Things are going swimmingly.
I often say that composing is a faith-based activity. I can go for quite a while under deadline without managing to come up with anything. I don’t mean anything I like. I mean, anything at all. I am the Queen of the Procrasti Nation, and being pretty busy, there’s plenty to procrastinate with. But despite the impending, career-denting doom that could occur, I never fret (well, okay, I fret, but I don’t take it that seriously). Why? Because after 32 years of composing music under the stress of deadlines, I’ve never failed to meet my delivery date with something I’m not embarrassed by (hmm… it’s possible that my standards are far too low). Once you’ve done this sort of thing that many times, you just have faith that you can, and will, do it again (in other words, this is not a technique I recommend to someone with their very first pro gig). Now watch; having had the hubris to type this, something will screw up next week that will have me in a real bind.

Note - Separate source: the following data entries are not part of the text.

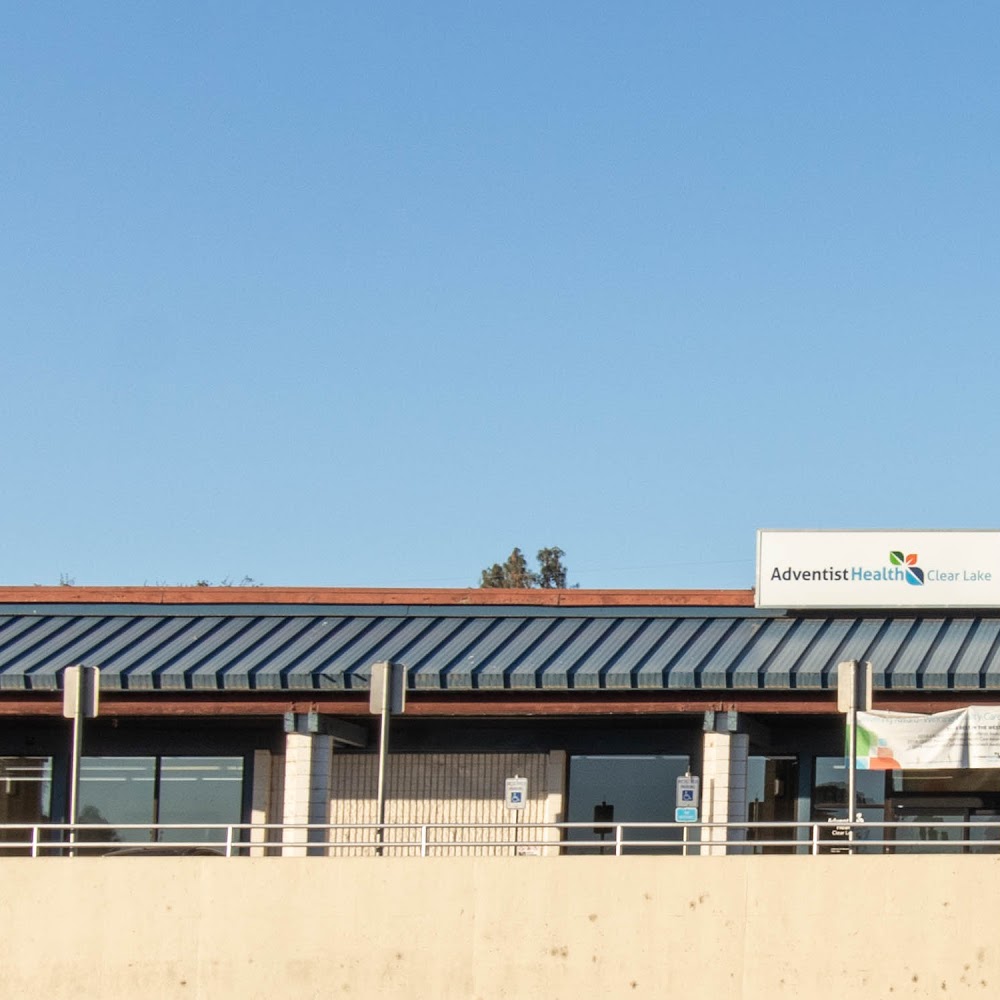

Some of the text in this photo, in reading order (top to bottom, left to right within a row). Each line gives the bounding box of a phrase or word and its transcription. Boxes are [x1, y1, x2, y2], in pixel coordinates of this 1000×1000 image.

[770, 567, 992, 581] Adventist Health Clear Lake
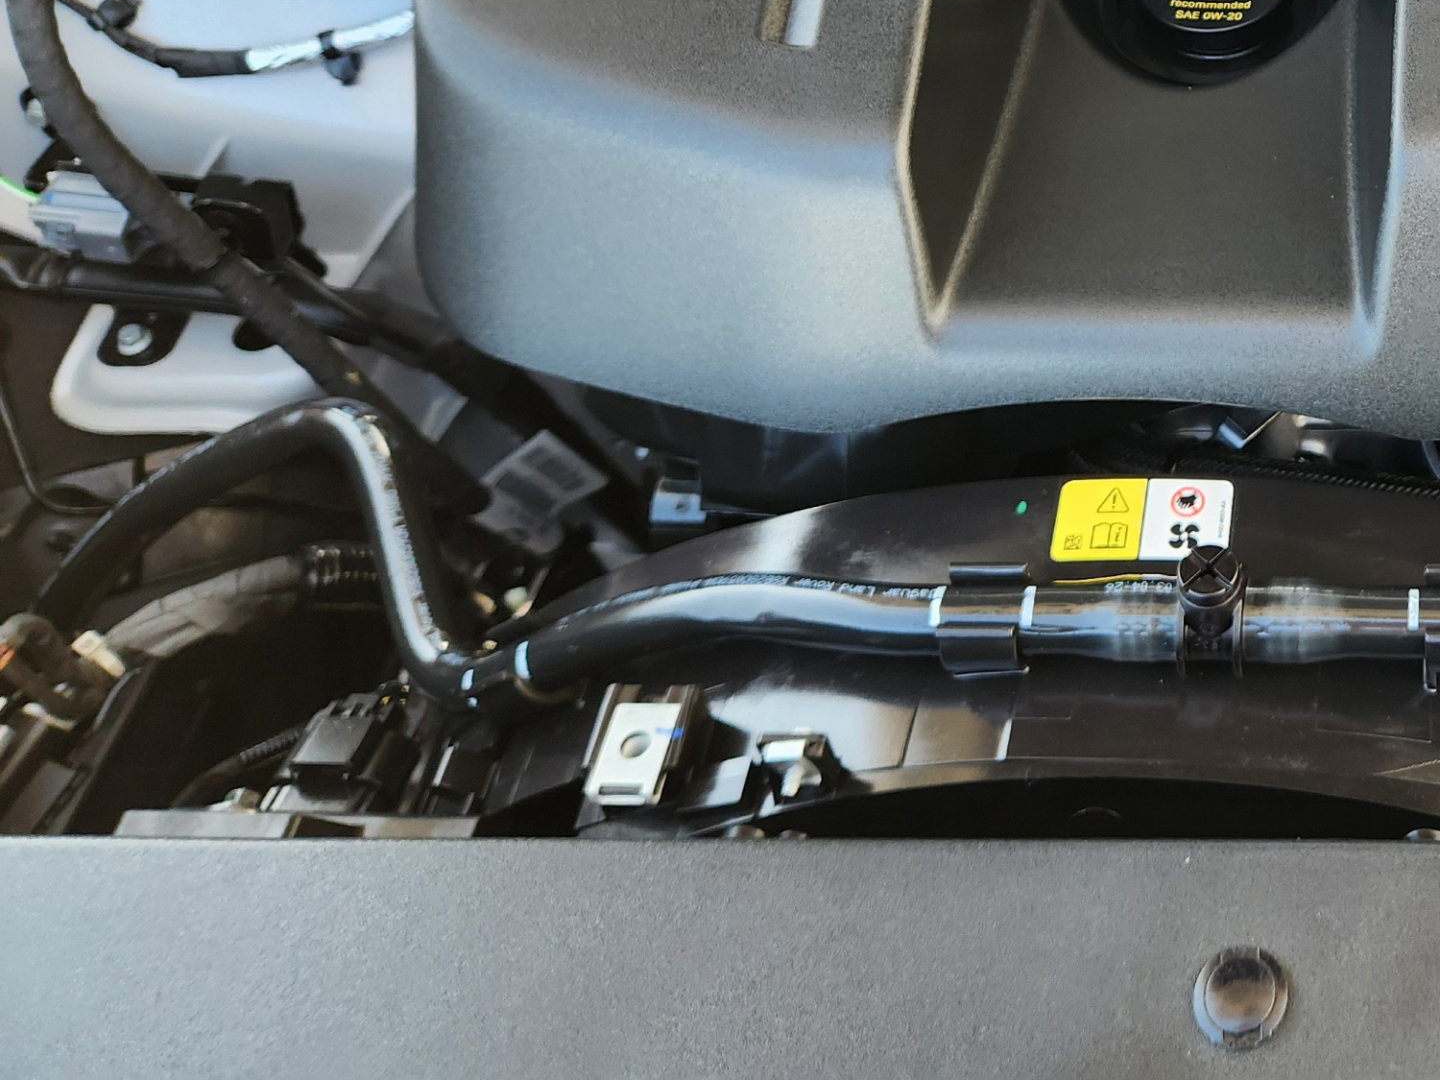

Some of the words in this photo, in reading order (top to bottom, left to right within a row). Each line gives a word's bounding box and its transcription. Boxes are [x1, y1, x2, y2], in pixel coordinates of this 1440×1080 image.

[1169, 0, 1252, 10] recommended
[1175, 9, 1201, 20] SAE
[1202, 10, 1244, 21] 0W-20
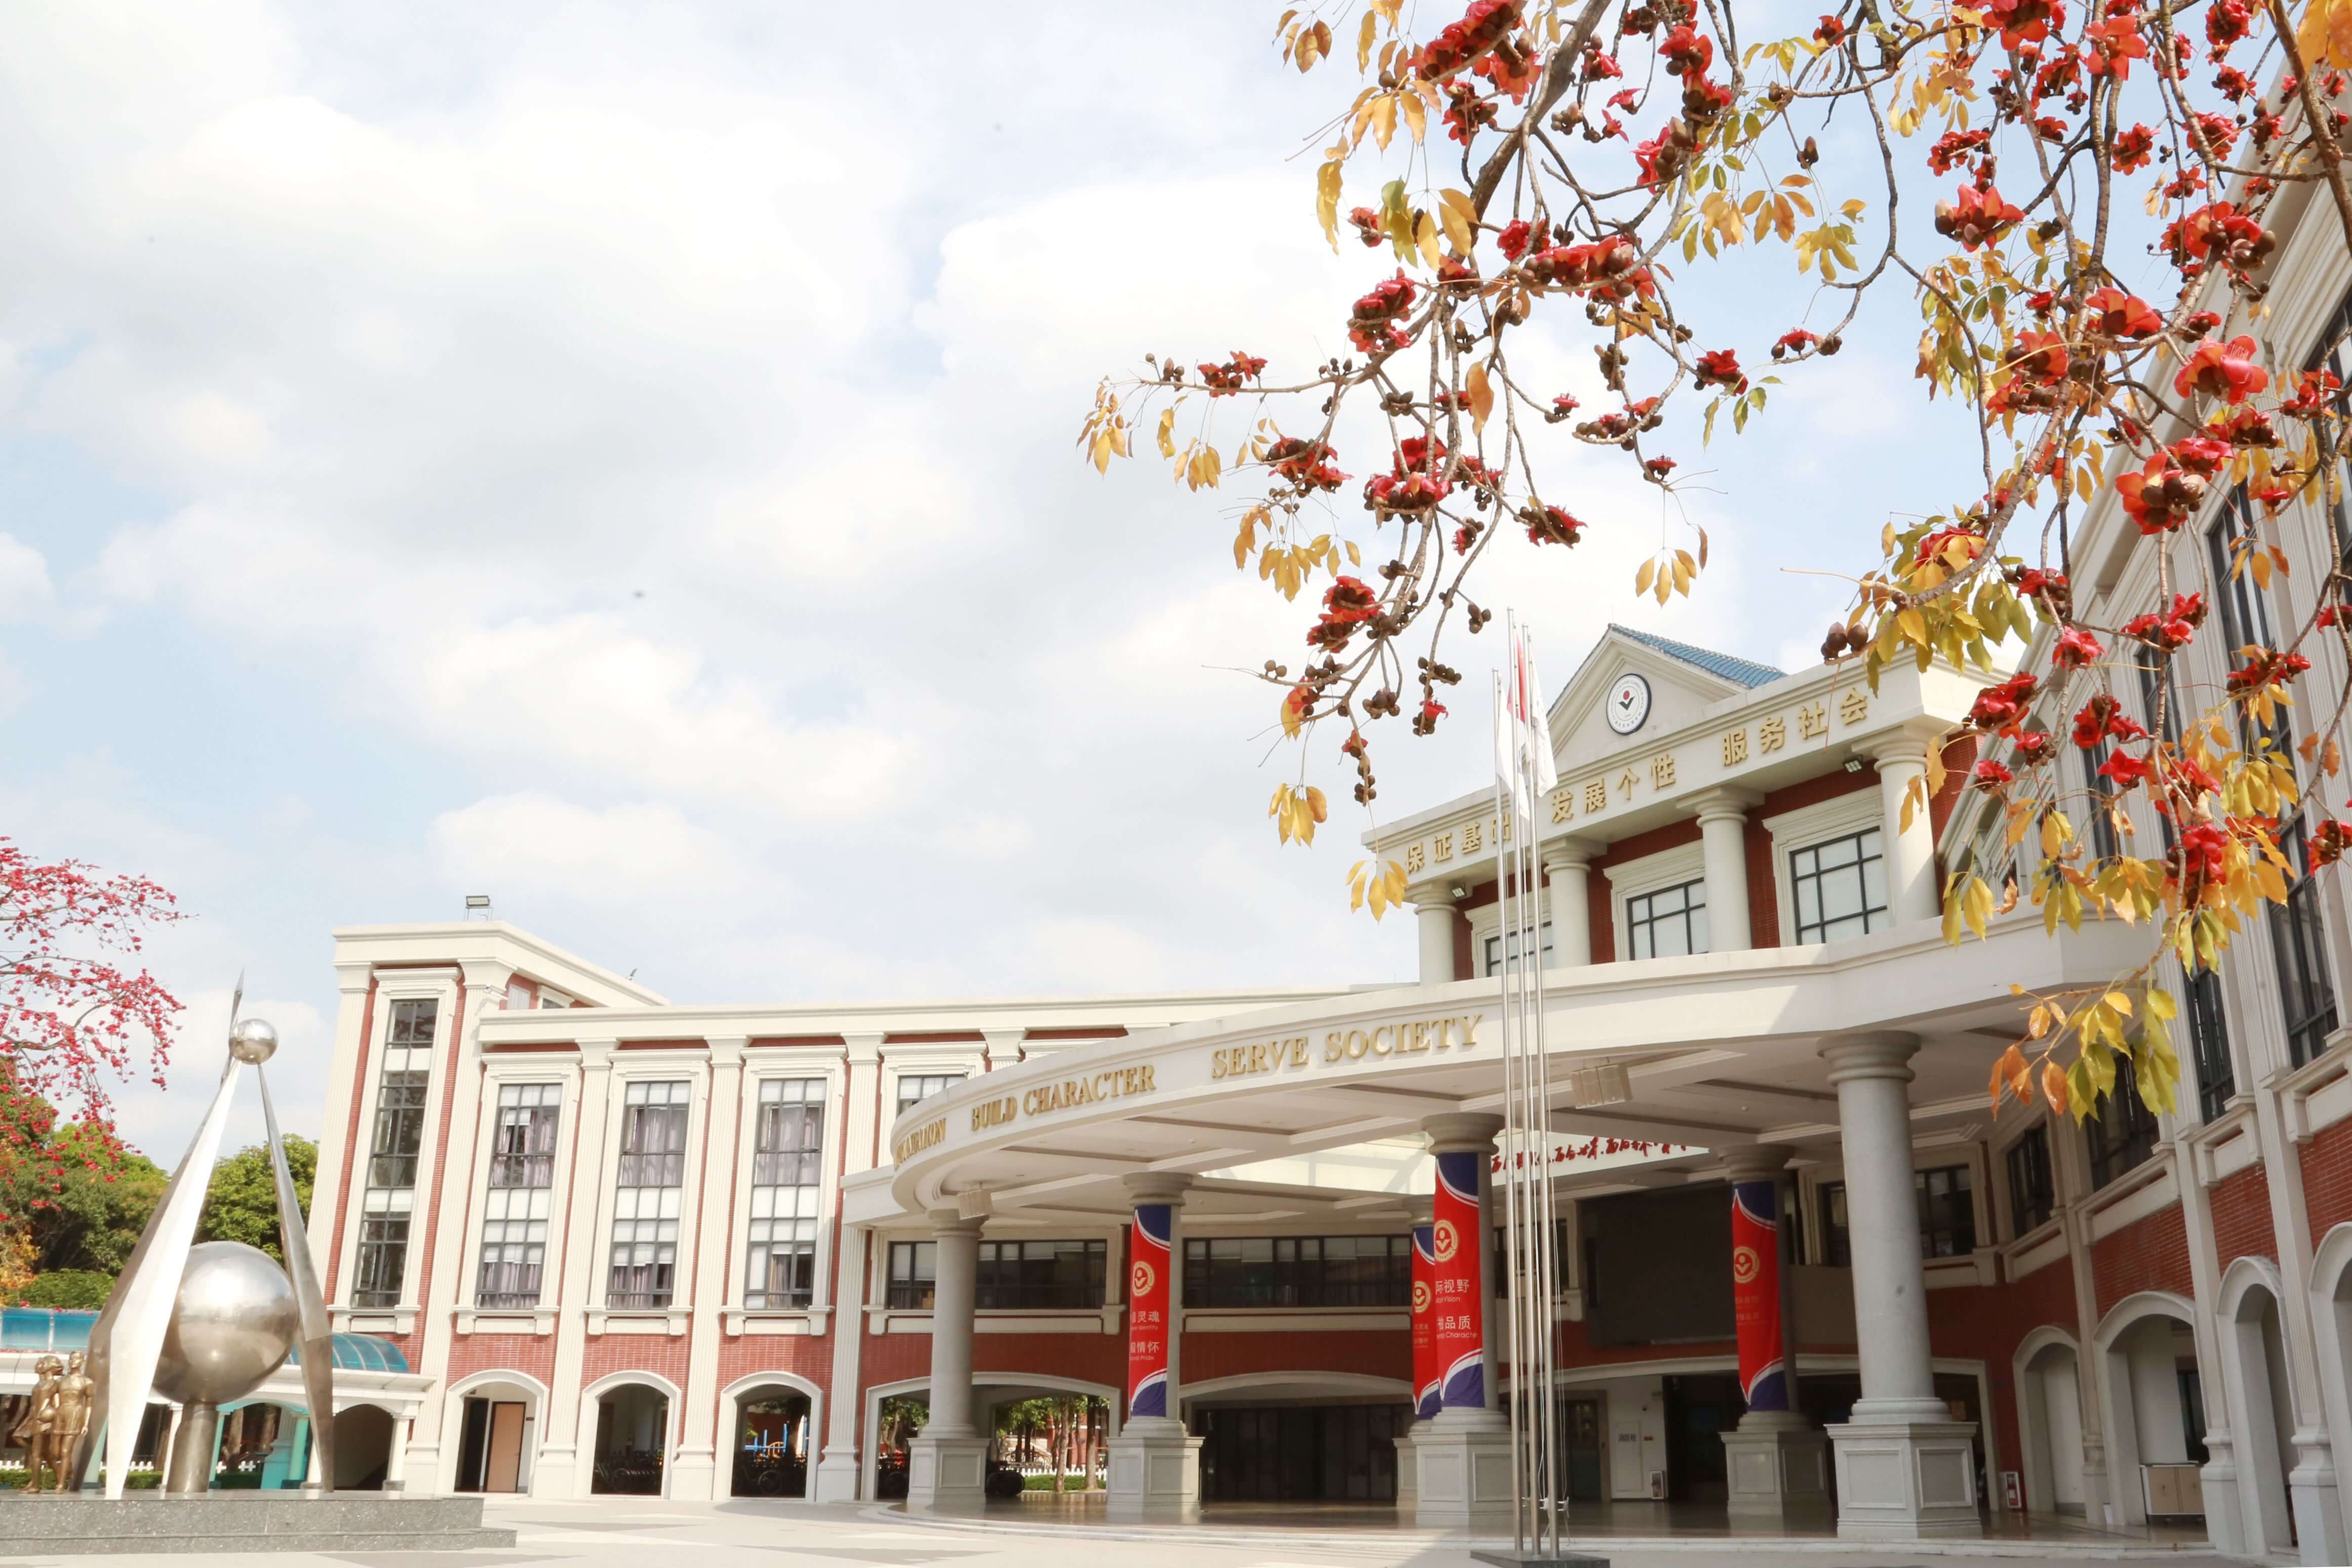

So here I am, nearing my deadline, and just about done with a really fun electroacoustic wind band piece for the American Composers Forum’s BandQuest series that’s funded by the NEA, and I appear to have my ducks in a row. And like the guys in the photos above right outside my studio, sometimes that can be in some rather creative positions.
Glenn Buttkus said,
April 8, 2010 @ 4:48 am
Gosh, the five mallards with their tail feathers in the air strike a pose that reminds me of the sculpture of five Cadillacs buried nose first in the Texas dirt. Maybe being a member of the Procrasti Nation is a creative trigger for you; that by self imposing even more pressure, your composing juices flow even harder; maybe gives that rush you crave, that we all need to remind us that we are breathing and somewhat senient. Dug your “anonymous” jazz piece @ 1:25 this morning. It is 32 degrees with a 32mph wind whipping the tips off fir trees all over our VA campus this AM. As I hopscotching in through the darkness from the car, I was humming something unknown to keep my feet moving and my legs alive. Turns out to be very much like
the piece you selected. Ah, synchronicity, what a reality.
Alex Shapiro said,
April 8, 2010 @ 9:39 am
Great analogy, Glenn! You’re absolutely right about those Caddies.
The piece is called “Sly Jazz,” and I’ve now edited the meta data to indicate that. Some things just fall through the quacks.